** EXTRACTED RECORDS follows **

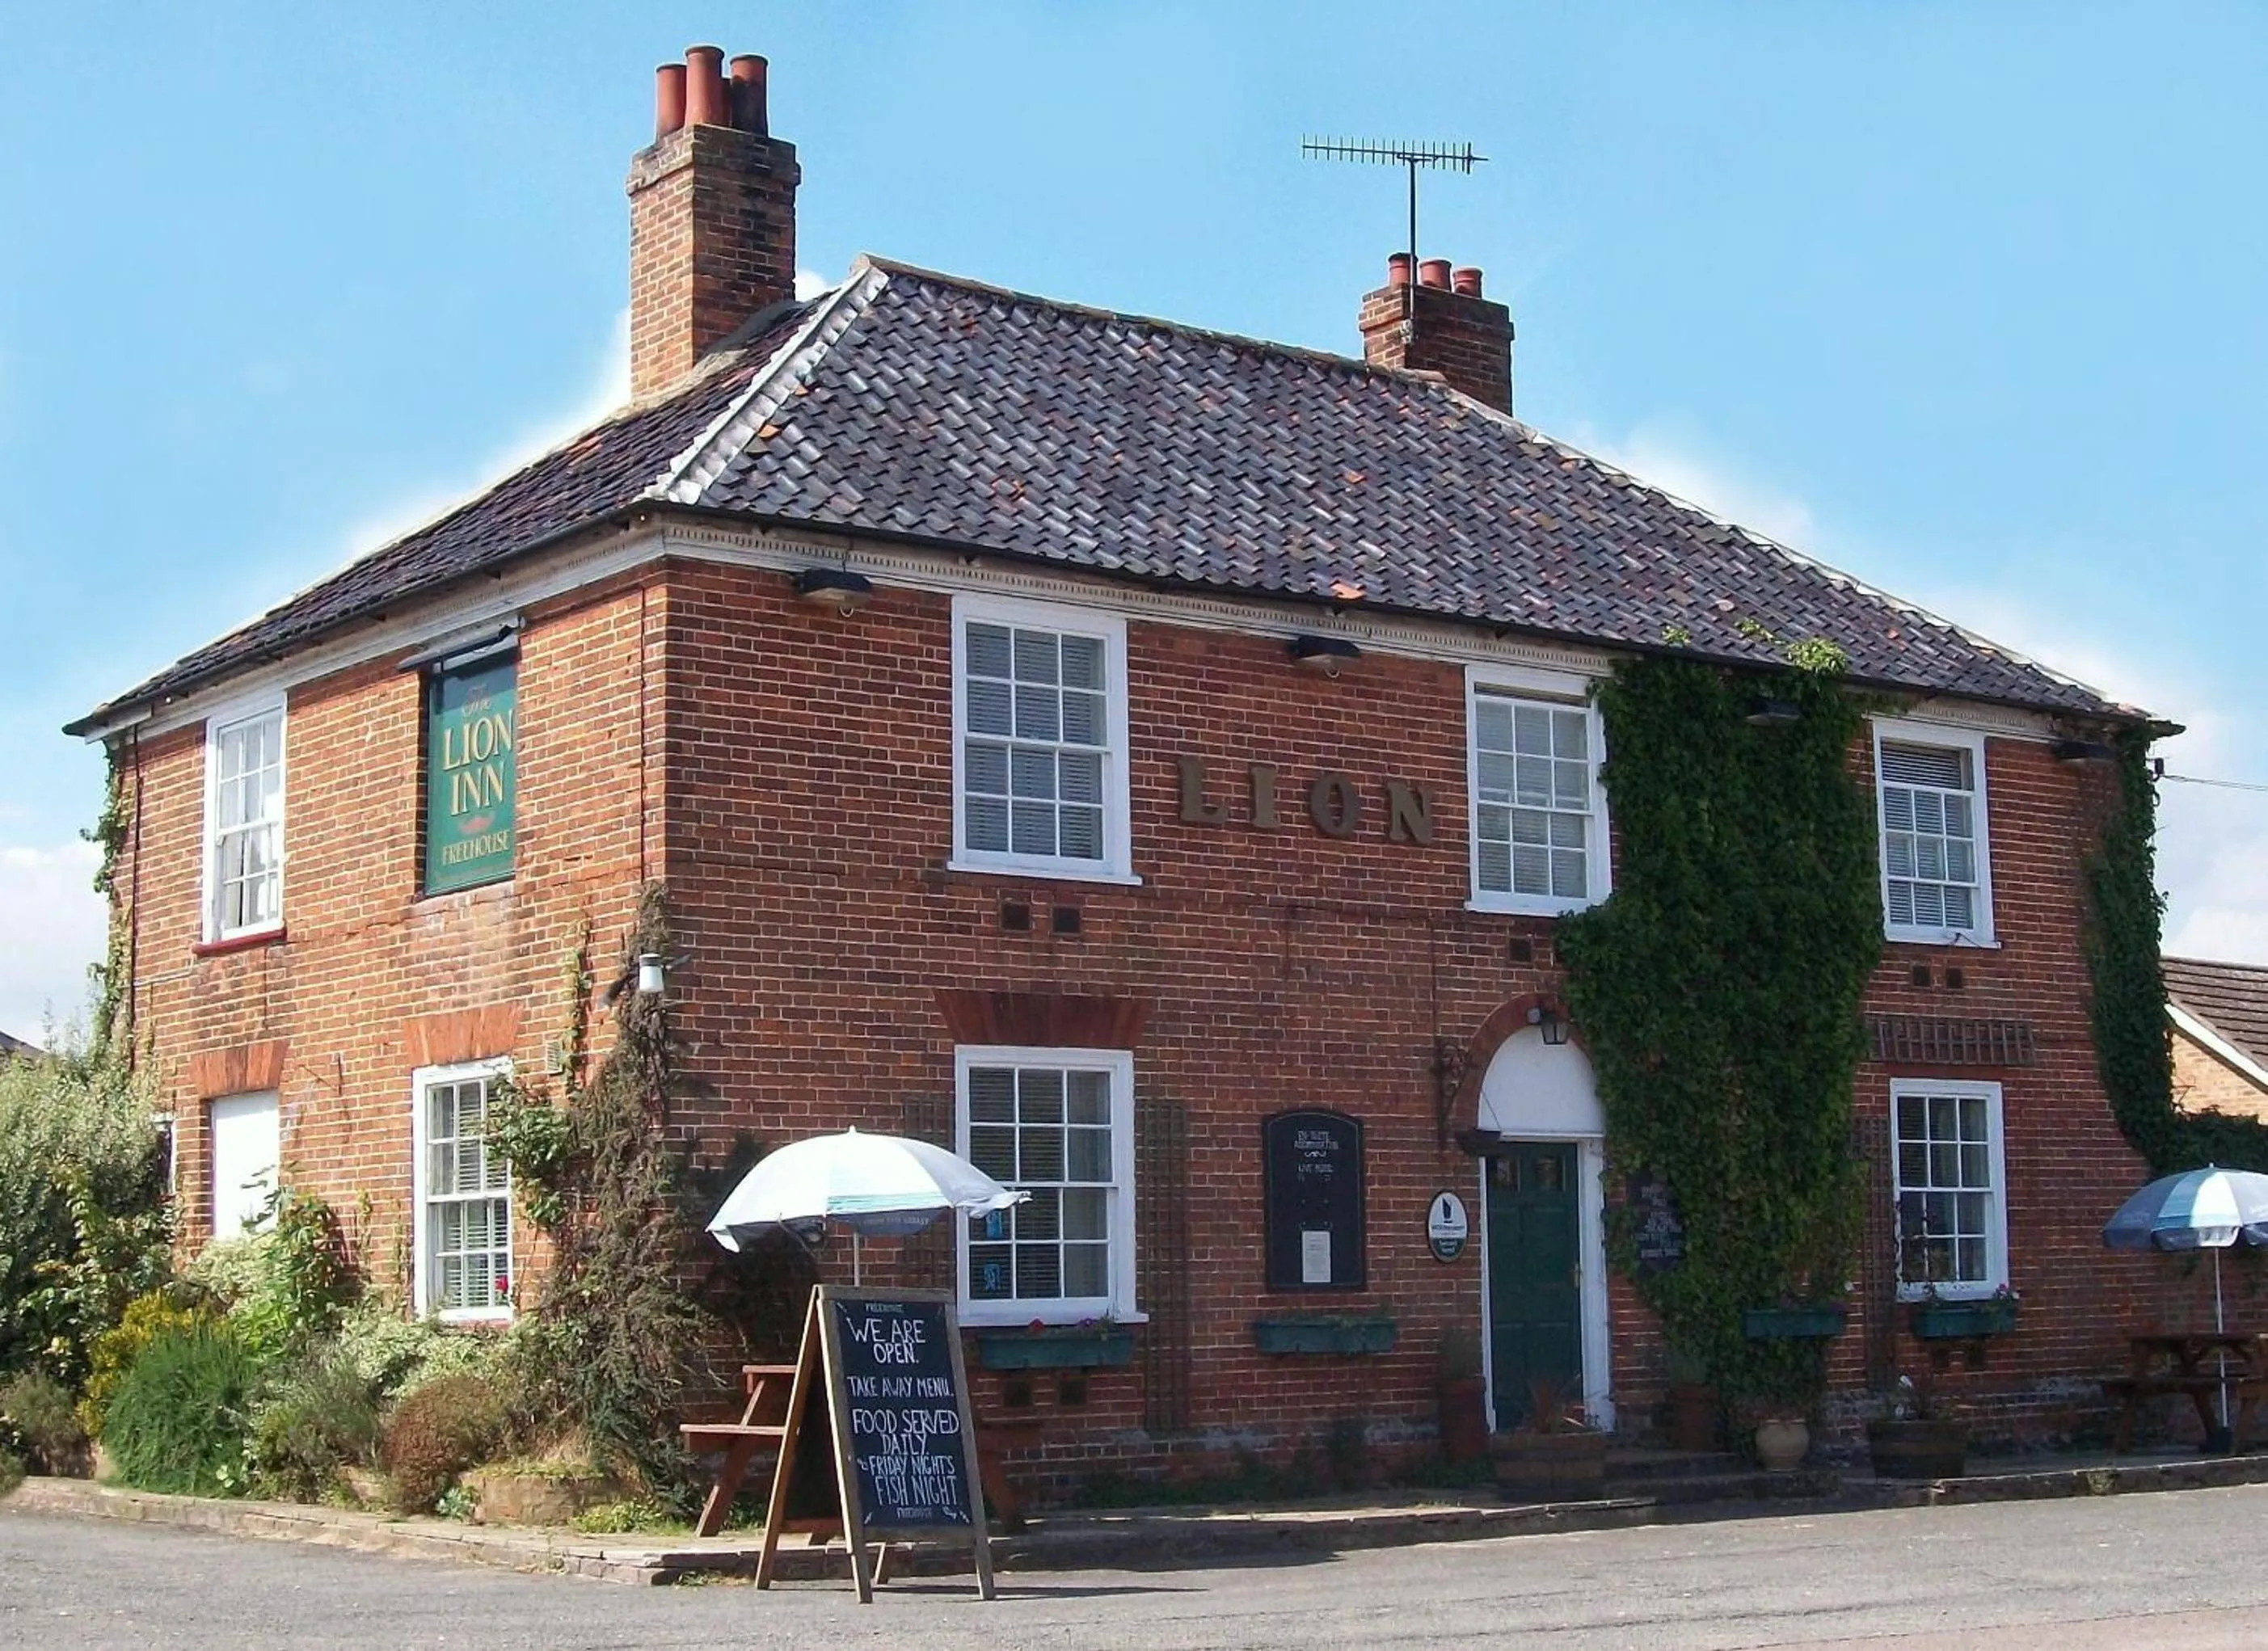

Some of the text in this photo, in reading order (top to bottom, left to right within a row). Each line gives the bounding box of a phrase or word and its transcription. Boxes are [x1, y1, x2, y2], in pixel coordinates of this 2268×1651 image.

[442, 709, 514, 771] LION
[450, 760, 505, 816] INN
[1177, 754, 1435, 844] LION
[442, 829, 510, 866] FREEHOUSE
[846, 1317, 926, 1344] WE ARE
[847, 1375, 878, 1397] TAKE
[882, 1377, 913, 1398] AWAY
[852, 1409, 960, 1434] FOOD SERVED
[869, 1455, 955, 1476] FRIDAY NIGHTS
[875, 1476, 957, 1506] FISH NIGHT
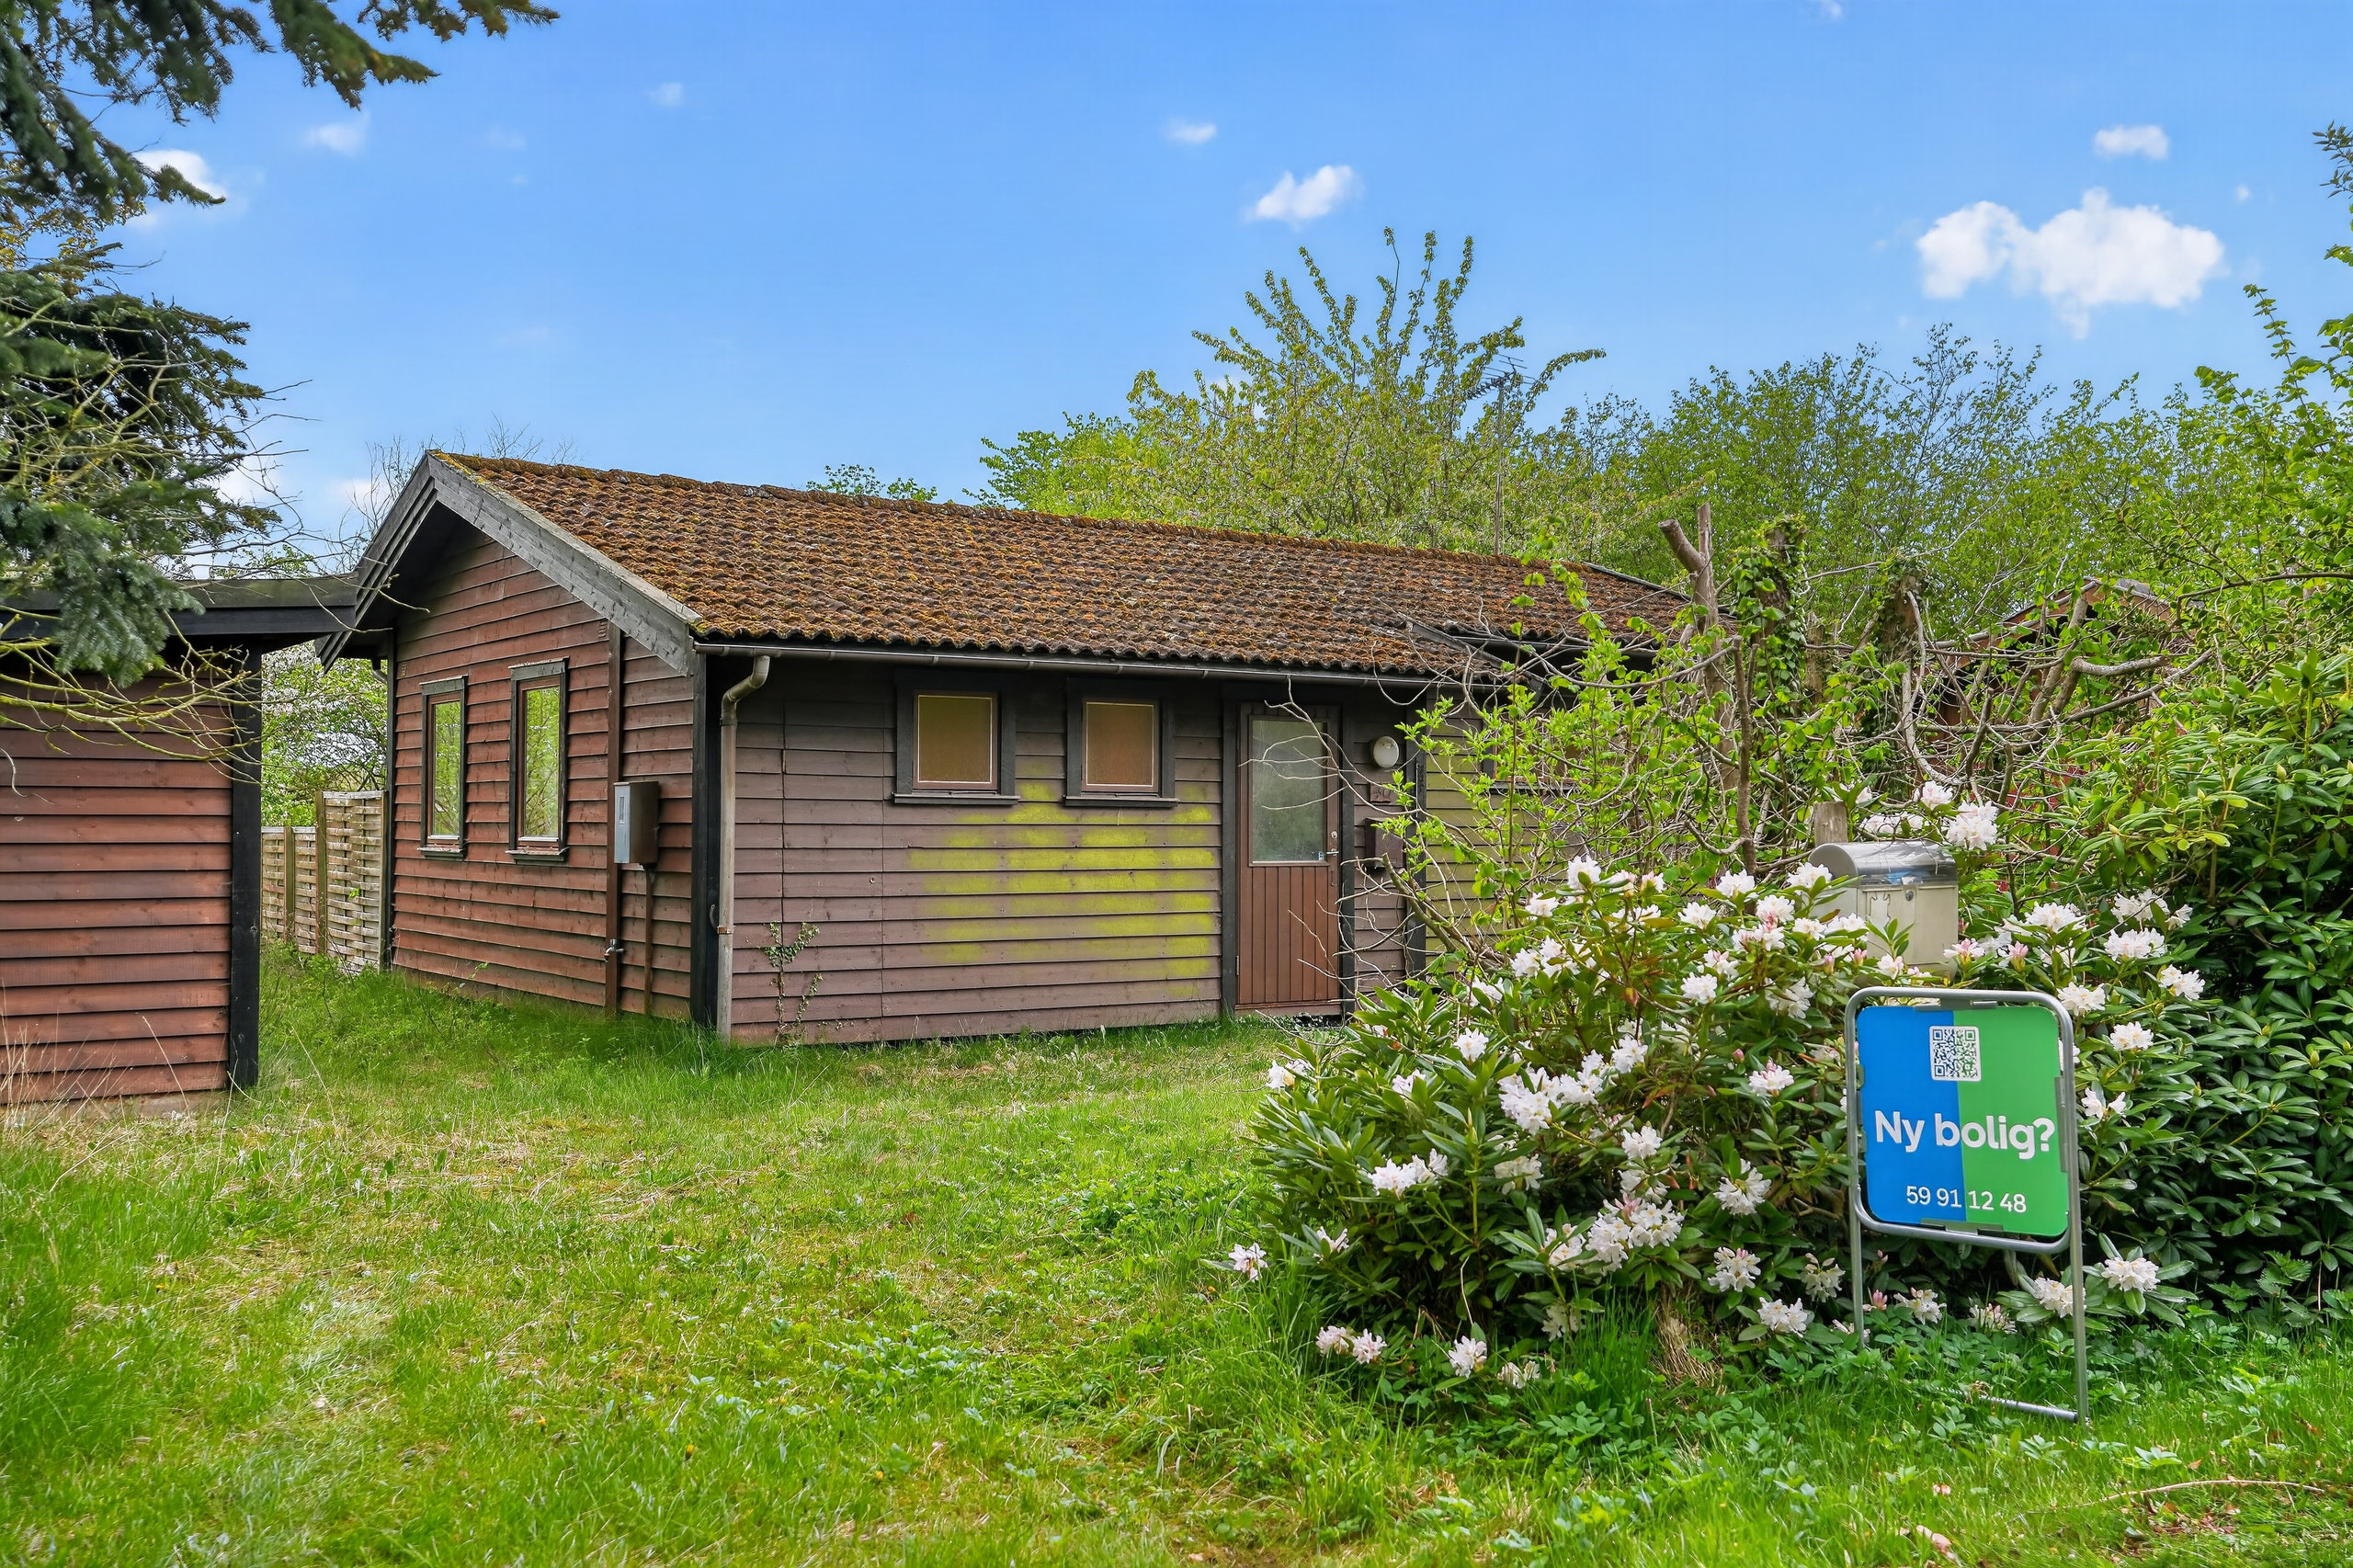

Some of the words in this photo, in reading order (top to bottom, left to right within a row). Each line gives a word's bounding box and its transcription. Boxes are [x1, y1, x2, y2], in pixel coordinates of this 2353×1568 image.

[1874, 1110, 1926, 1153] Ny
[1934, 1112, 2056, 1160] bolig?
[1905, 1186, 1931, 1205] 59
[1937, 1187, 1961, 1208] 91
[1969, 1190, 1994, 1210] 12
[1999, 1193, 2027, 1213] 48

** End of EXTRACTED RECORDS **

* [WHAT YOU HAVE TO DO]: Please repeat all of the data exactly as it stands, leaving the pictures out.

* [ANSWER TO THIS EXERCISE]:
Some of the text in this photo, in reading order (top to bottom, left to right within a row). Each line gives the bounding box of a phrase or word and its transcription. Boxes are [x1, y1, x2, y2], in pixel coordinates of this 2268×1651 image.

[442, 709, 514, 771] LION
[450, 760, 505, 816] INN
[1177, 754, 1435, 844] LION
[442, 829, 510, 866] FREEHOUSE
[846, 1317, 926, 1344] WE ARE
[847, 1375, 878, 1397] TAKE
[882, 1377, 913, 1398] AWAY
[852, 1409, 960, 1434] FOOD SERVED
[869, 1455, 955, 1476] FRIDAY NIGHTS
[875, 1476, 957, 1506] FISH NIGHT

Some of the words in this photo, in reading order (top to bottom, left to right within a row). Each line gives a word's bounding box and its transcription. Boxes are [x1, y1, x2, y2], in pixel coordinates of this 2353×1568 image.

[1874, 1110, 1926, 1153] Ny
[1934, 1112, 2056, 1160] bolig?
[1905, 1186, 1931, 1205] 59
[1937, 1187, 1961, 1208] 91
[1969, 1190, 1994, 1210] 12
[1999, 1193, 2027, 1213] 48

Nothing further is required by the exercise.